The lines below must be transcribed exactly as given, with the images removed.

---------------

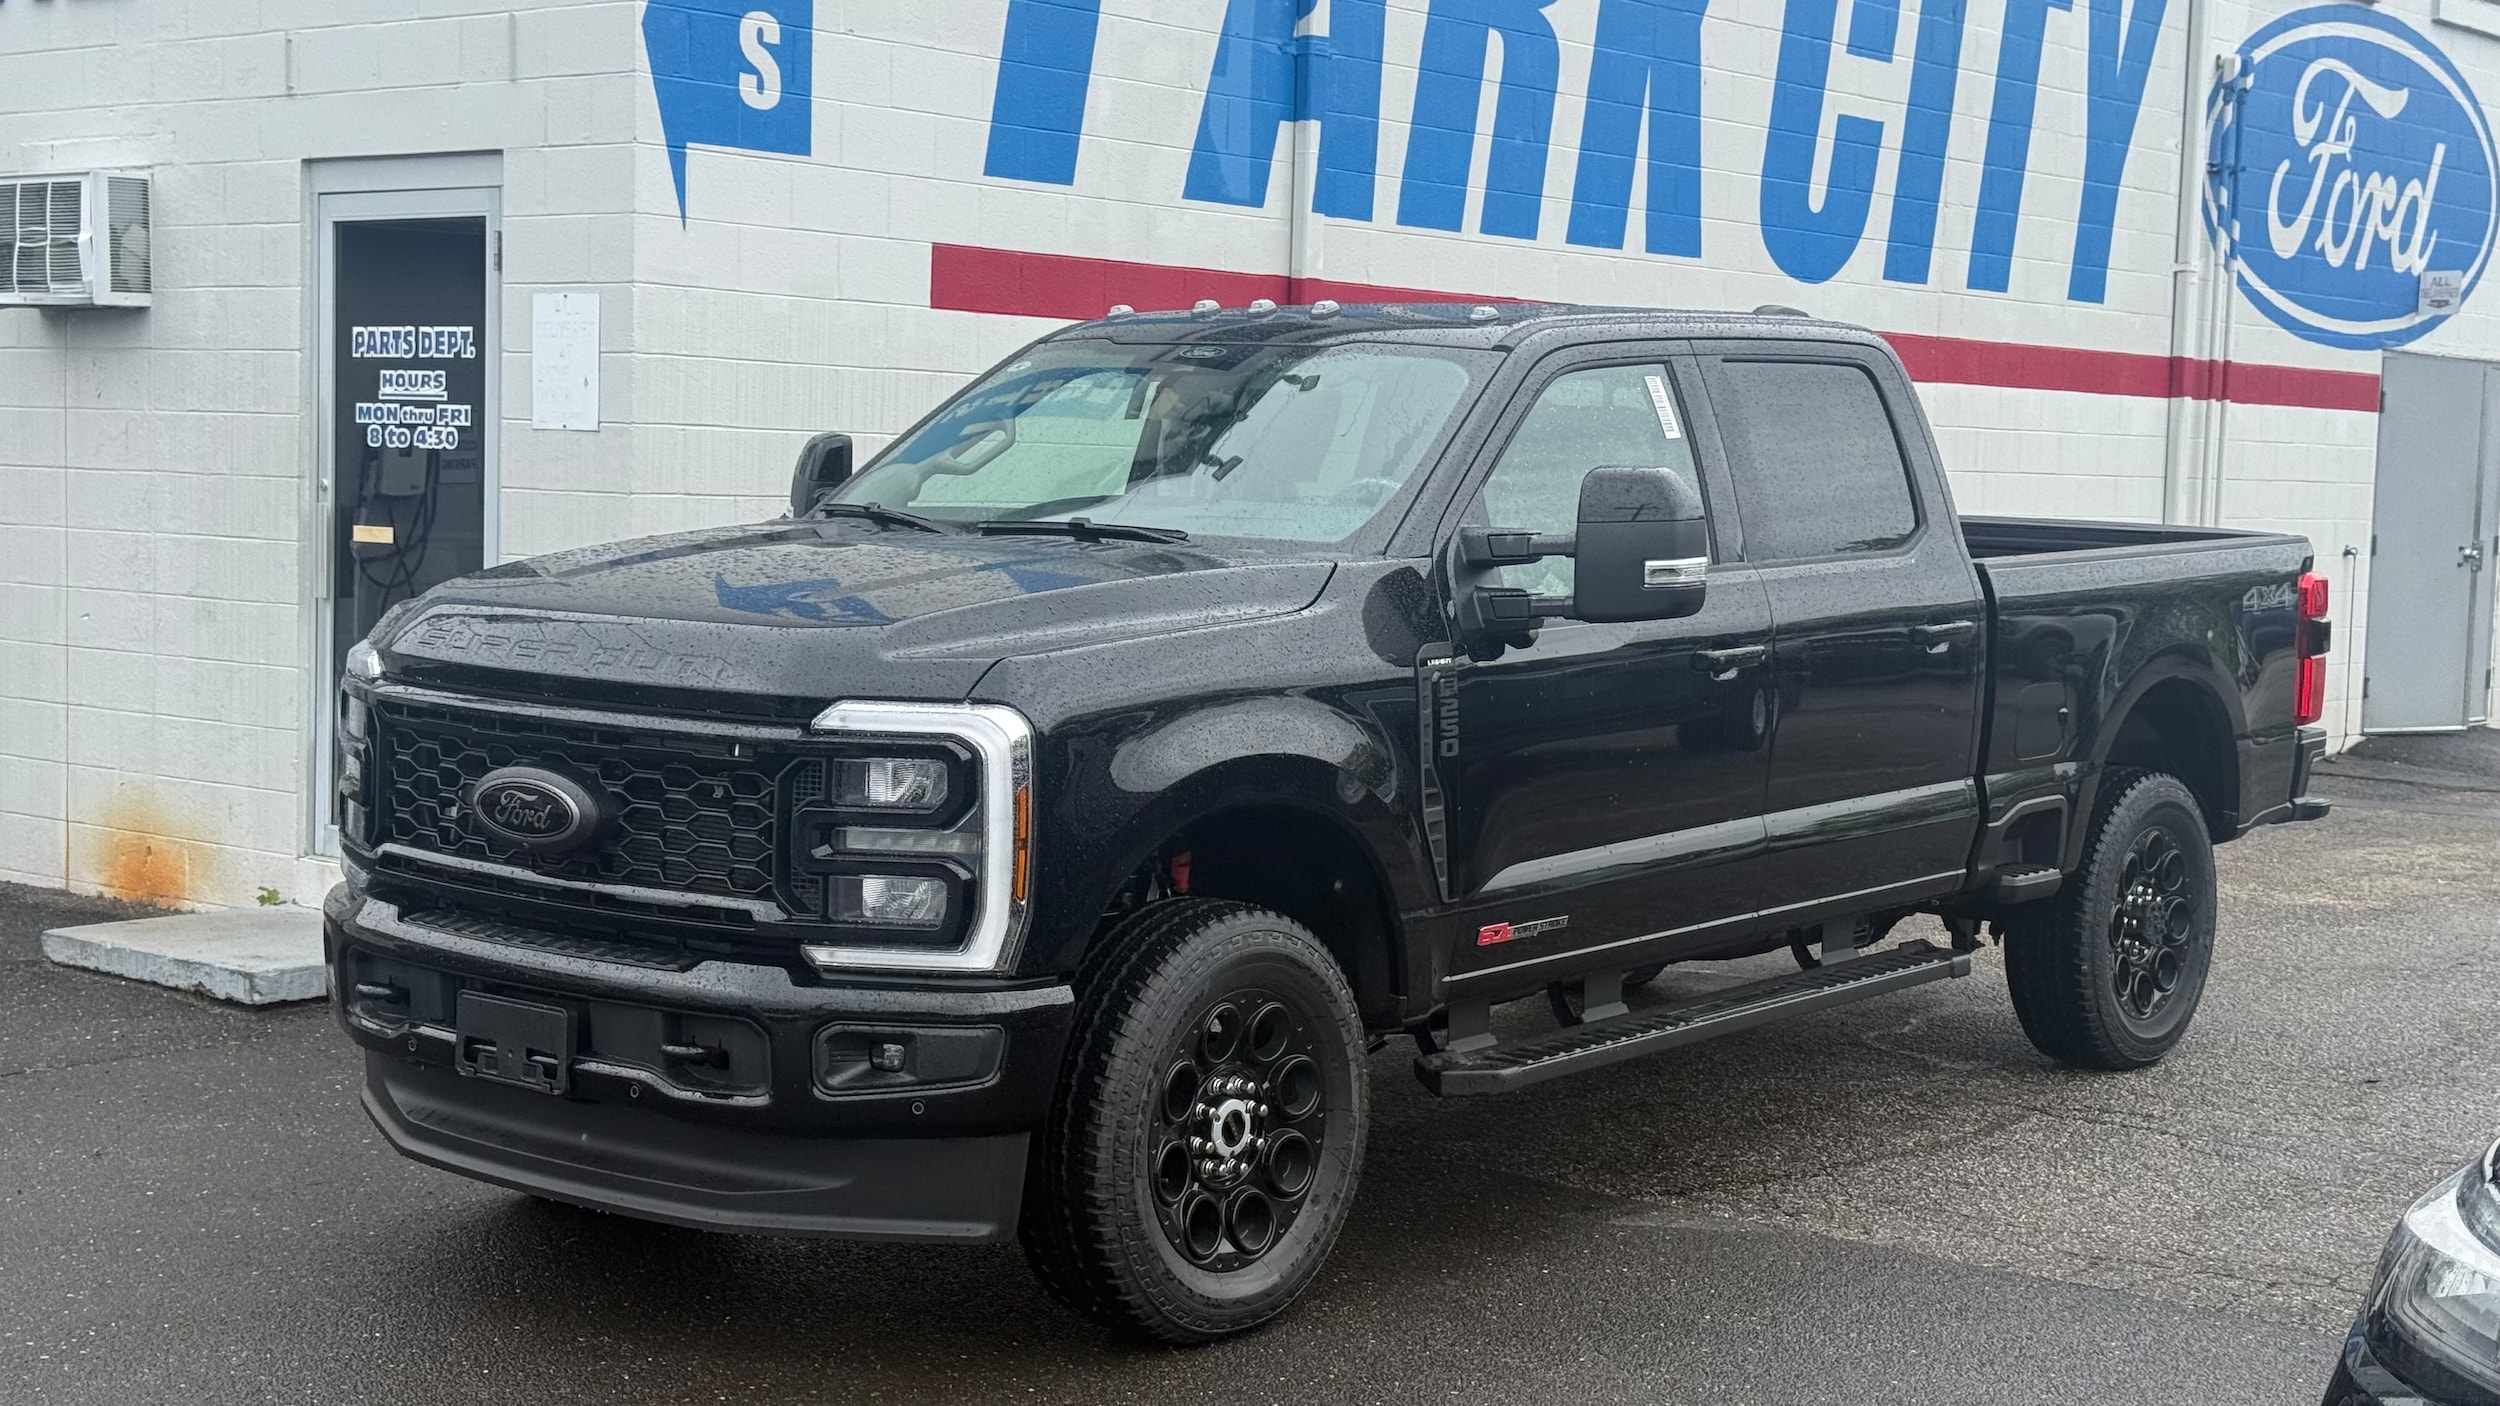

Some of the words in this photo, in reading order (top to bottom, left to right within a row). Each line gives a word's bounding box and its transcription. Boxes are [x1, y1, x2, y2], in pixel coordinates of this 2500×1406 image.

[739, 11, 781, 110] S
[1760, 0, 2168, 305] CITY
[2267, 57, 2446, 278] Ford
[2431, 276, 2452, 287] ALL
[352, 326, 415, 358] PARTS
[418, 326, 476, 358] DEPT.
[379, 370, 446, 392] HOURS
[355, 403, 400, 424] MON
[400, 406, 435, 424] thru
[436, 404, 471, 426] FRI
[367, 425, 382, 447] 8
[385, 425, 410, 447] to
[413, 426, 458, 449] 4:30
[495, 790, 552, 829] Ford

---------------

# Result for this task
Some of the words in this photo, in reading order (top to bottom, left to right within a row). Each line gives a word's bounding box and its transcription. Boxes are [x1, y1, x2, y2], in pixel coordinates of this 2500×1406 image.

[739, 11, 781, 110] S
[1760, 0, 2168, 305] CITY
[2267, 57, 2446, 278] Ford
[2431, 276, 2452, 287] ALL
[352, 326, 415, 358] PARTS
[418, 326, 476, 358] DEPT.
[379, 370, 446, 392] HOURS
[355, 403, 400, 424] MON
[400, 406, 435, 424] thru
[436, 404, 471, 426] FRI
[367, 425, 382, 447] 8
[385, 425, 410, 447] to
[413, 426, 458, 449] 4:30
[495, 790, 552, 829] Ford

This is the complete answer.